2 Materials and methods

2.1

2.1 The experimental site, design and soil characteristics

This study was conducted in a completely randomized design (CRD) at the Pesticide Quality Control Laboratory (30.154813, 71.442681), Multan, Pakistan. For soil texture analysis, hydrometer method (Gee and Bauder, 1986), available P (Olsen and Sommers, 1982), extractable K (Helmke and Sparks, 2018) and soil organic matter (Nelson and Sommers, 1982) were analyzed using standard protocols. Soil texture was loamy which contains pHs (8.05) organic matter (0.40%), ECe (2.32 dS m−1), commutable potassium (200 mg kg−1), available phosphorus (5.35 mg kg−1) and diethylenetriaminepentaacetic acid (DTPA) extractable Cd (0.40 mg kg−1) (Lindsay and Norvell, 1978). The climatic conditions were arid with low rainfall and high temperature (Fig. 1).

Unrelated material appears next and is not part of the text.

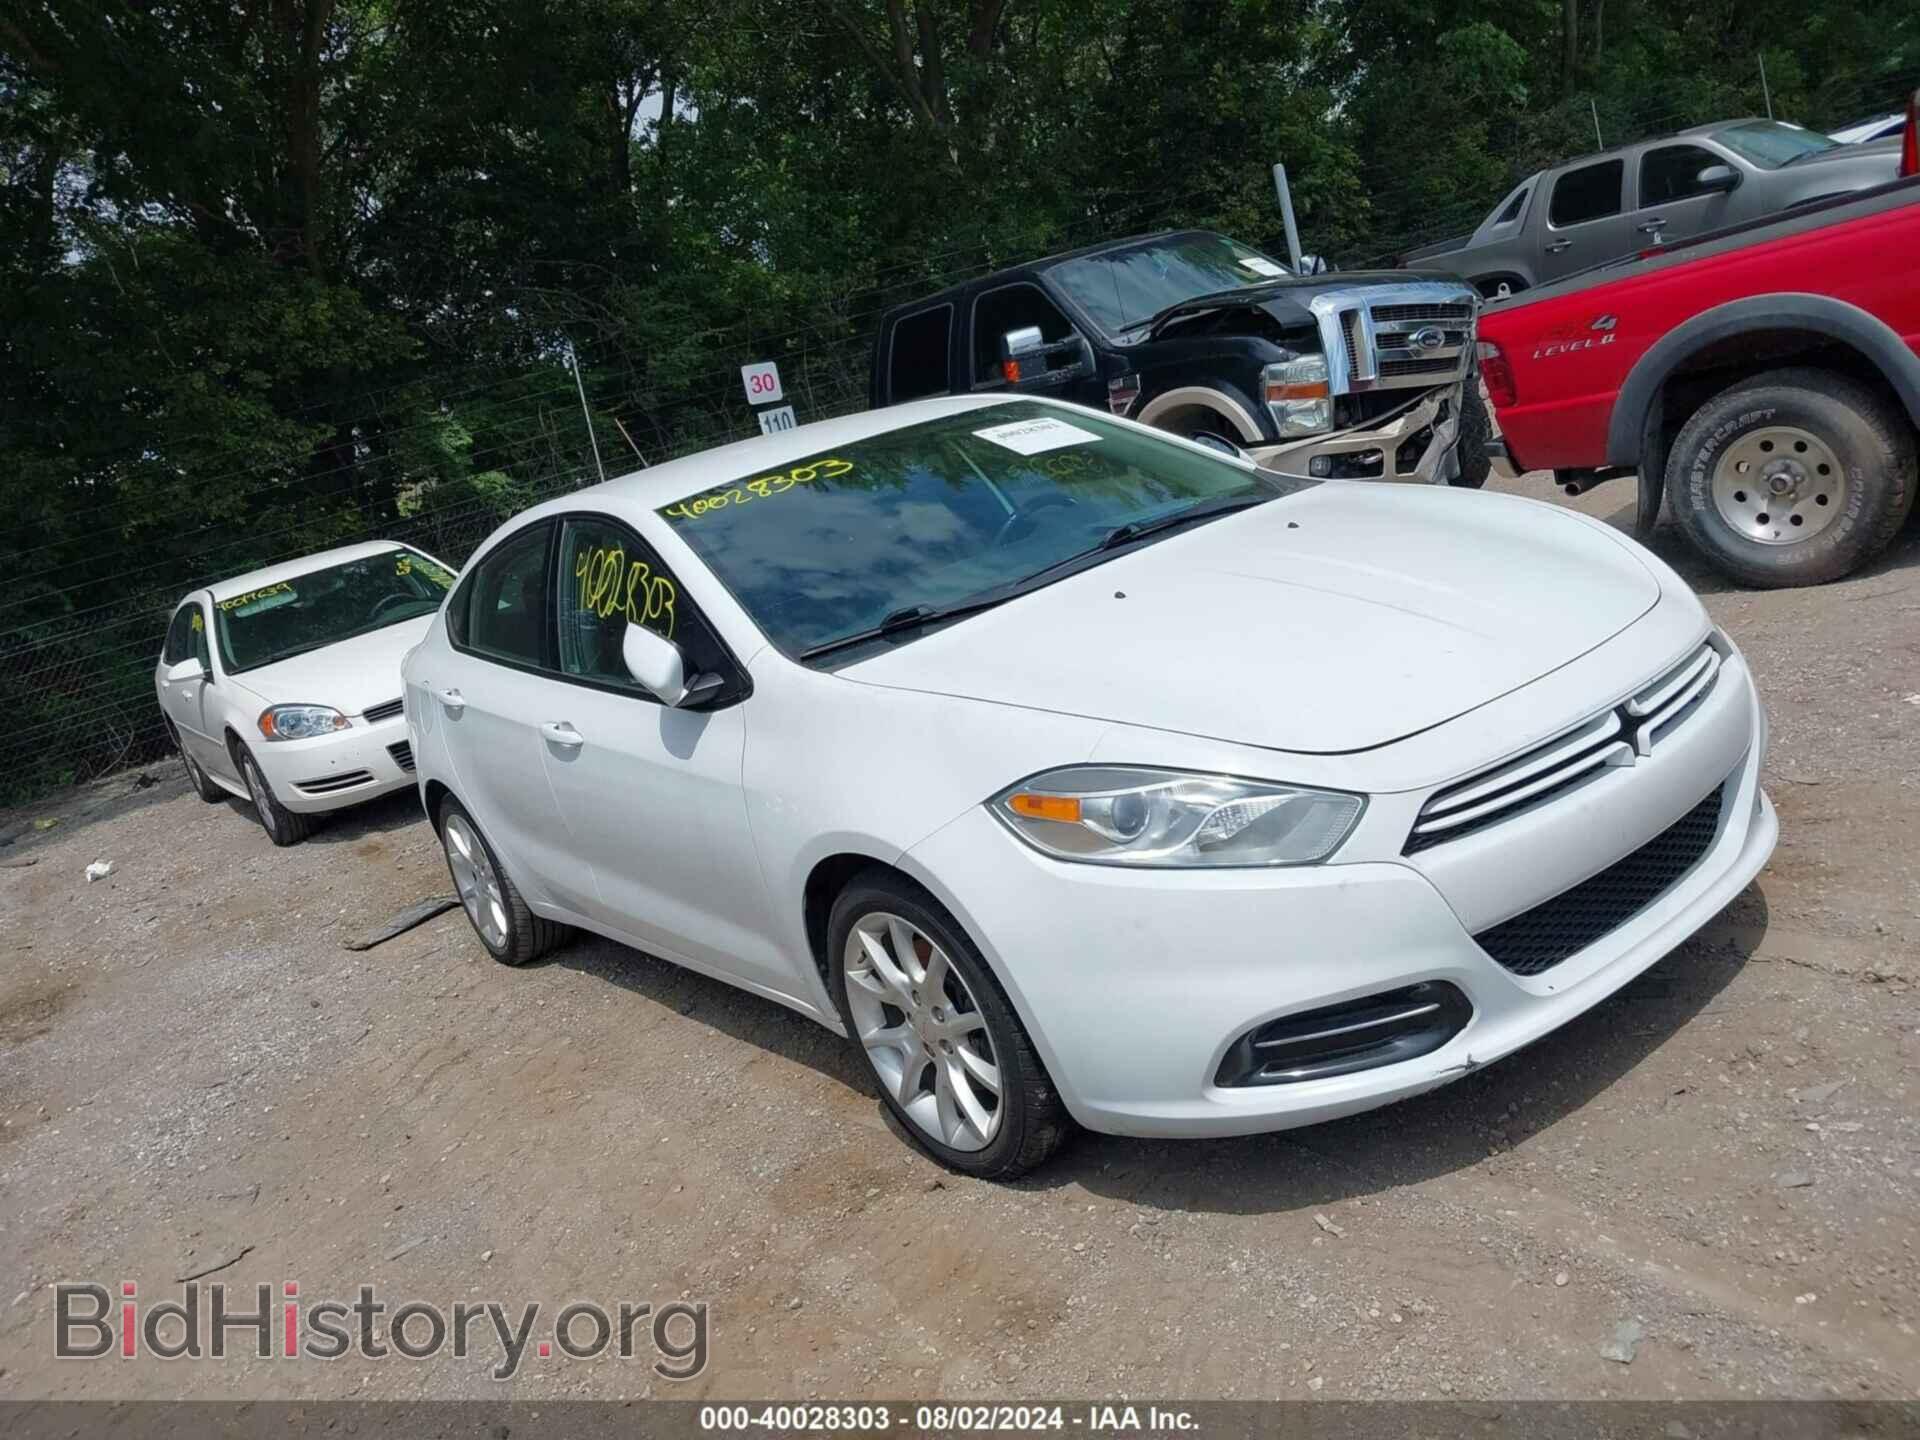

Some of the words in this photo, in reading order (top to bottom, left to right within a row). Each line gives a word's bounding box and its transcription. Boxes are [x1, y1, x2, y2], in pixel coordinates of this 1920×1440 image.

The daily minimum, maximum and average temperature and rainfall in Multan, Pakistan during the year 2019. The dotted lines are showing the duration of the cluster bean crop.
Fig. 1
The daily minimum, maximum and average temperature and rainfall in Multan, Pakistan during the year 2019. The dotted lines are showing the duration of the cluster bean crop.

2.2

2.2 Cd toxicity

There were 3 levels of Cd i.e., control having 0.4 mg Cd kg−1 (0Cd), 2.5 mg Cd kg−1 soil (2.5Cd) and 5.0 mg Cd kg−1 (5.0Cd). All Cd levels were maintained by using analytical grade (Sigma) salt of CdCl2 (Zafar-ul-Hye et al., 2018).

2.3

2.3 Compost mixed biochar

Timber waste material was used for the manufacturing of biochar at 439 °C through pyrolysis for 2 h. After preparing biochar samples from the pyrolyzer, they were ground enough to transit via a 2 mm sieve. Compost was provided from Buraq Agro Chemicals, Industrial State Area, Multan. Both biochar and compost were mixed in a 1:1 ratio manually. After that, compost mixed biochar (CB) was applied in the soil as per the treatment plan i.e., 0, 0.5, 0.75 and 1.00%. The biochar and compost were charactered for physiochemical properties (Table 1).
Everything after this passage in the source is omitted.